Let it be said that there is merit in calling for “both sides” to not escalate from here. There is nothing wrong with reminding everyone that pipe bombs are a bigly no-no. But it is insultingly wrong to claim that left-minded Americans, who all but for an underwhelmingly minute minority have peacefully resisted this dark coming of Trumpism, are just as responsible for extreme right-wing dog whistles, bullhorns and hate-mongering rhetoric as the president that spews it from his own mouth.
The Republican Party that has majority control over every branch of the federal government could at any time end this pitiful charade once and for all, if it weren’t for the hateful minority of citizens that said party pandered shamelessly to in order to usurp that majority control in the very first place.
So, rather than ineffectively asking for everyone, particularly the president, to “tone down political rhetoric,” I ask you, Senator Crowder, to step up and condemn President Donald J. Trump for his stochastic terrorism that your party has ignored and played down since before the man had been elected.
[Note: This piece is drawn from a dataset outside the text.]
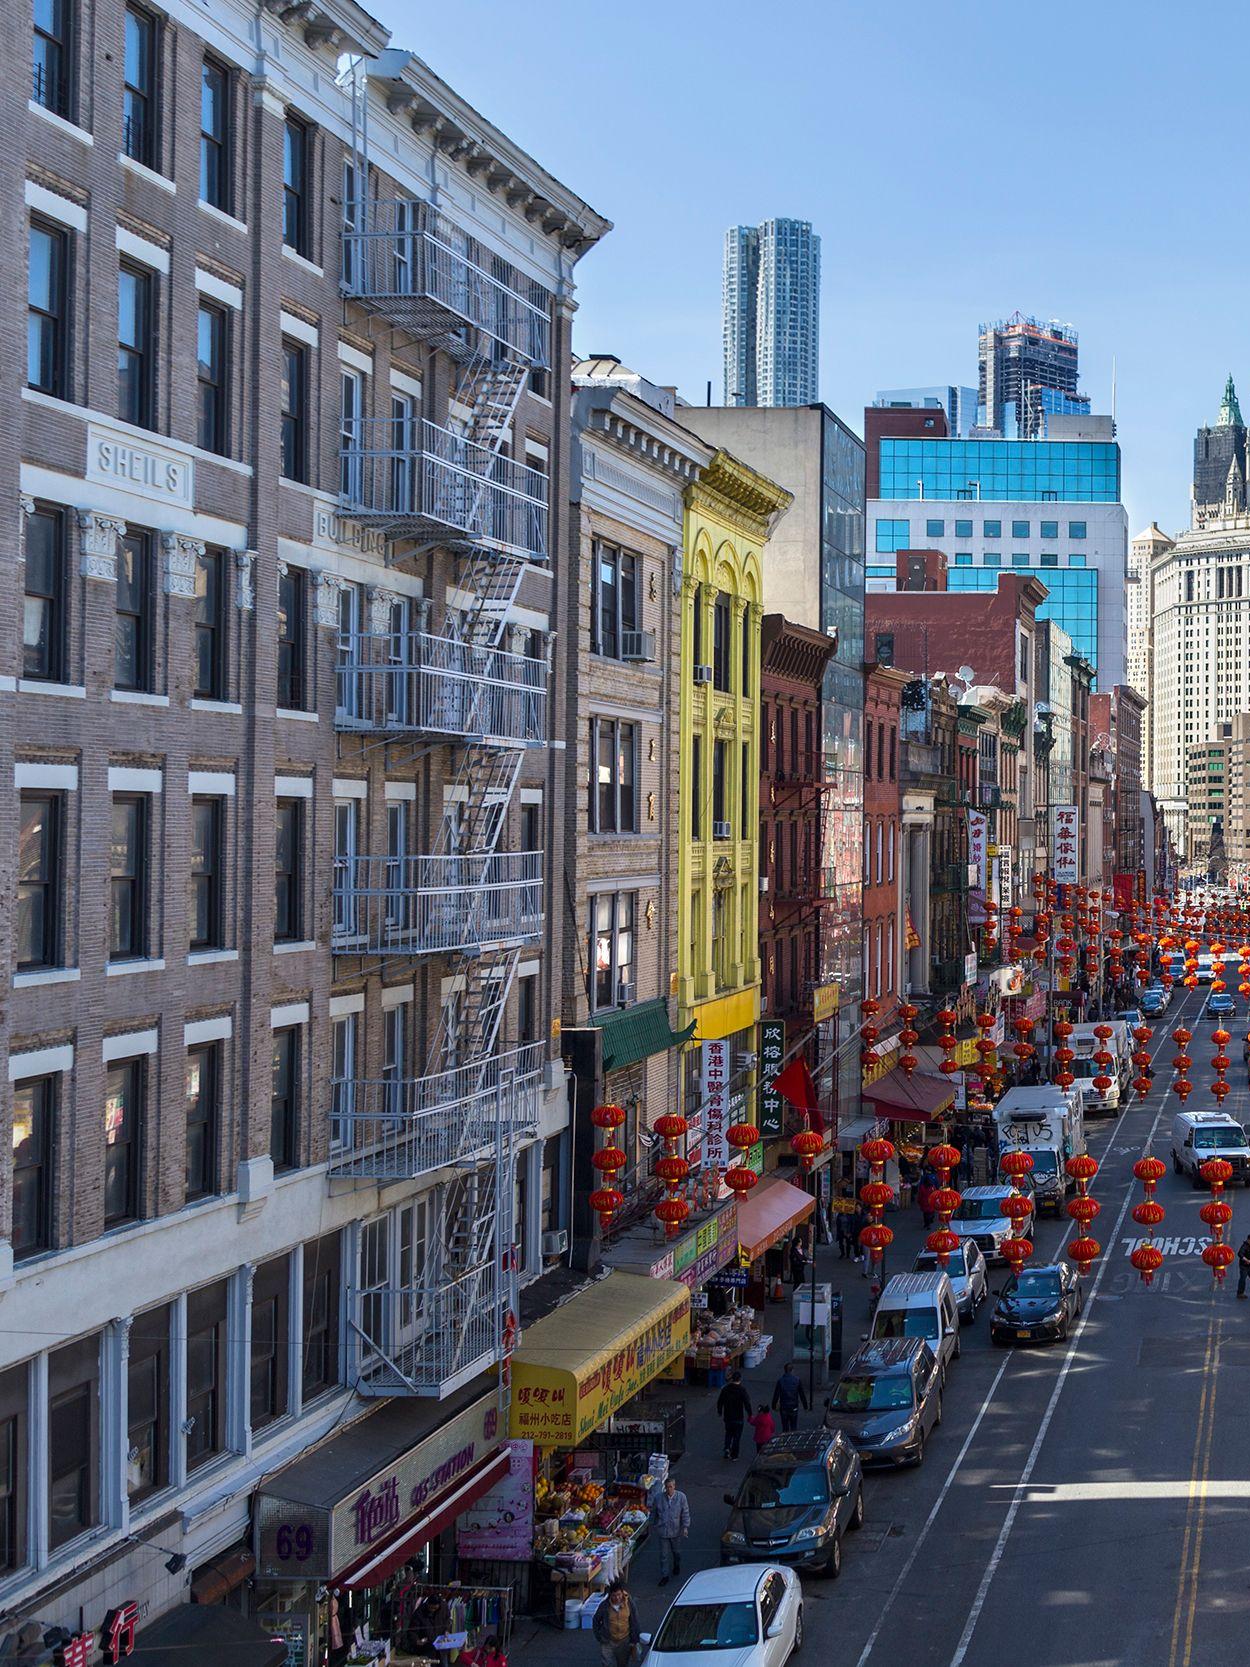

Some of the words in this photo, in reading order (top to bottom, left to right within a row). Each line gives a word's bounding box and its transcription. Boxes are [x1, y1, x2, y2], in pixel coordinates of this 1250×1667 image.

There is a divide in this county, there is a divide in this state, and there is a divide in this country. What there is not — what is utterly lacking — is a unifying leader capable of putting party interests aside for the best interests of the nation at large. The president is a wedge between the cracks and fissures that compose that divide, that the Republican Party and foreign entities have used to further fracture the American people.
I want everyone to come together as much as you do, senator. But we both know that won’t happen as long as your party continues to drive that wedge through the heart of this nation.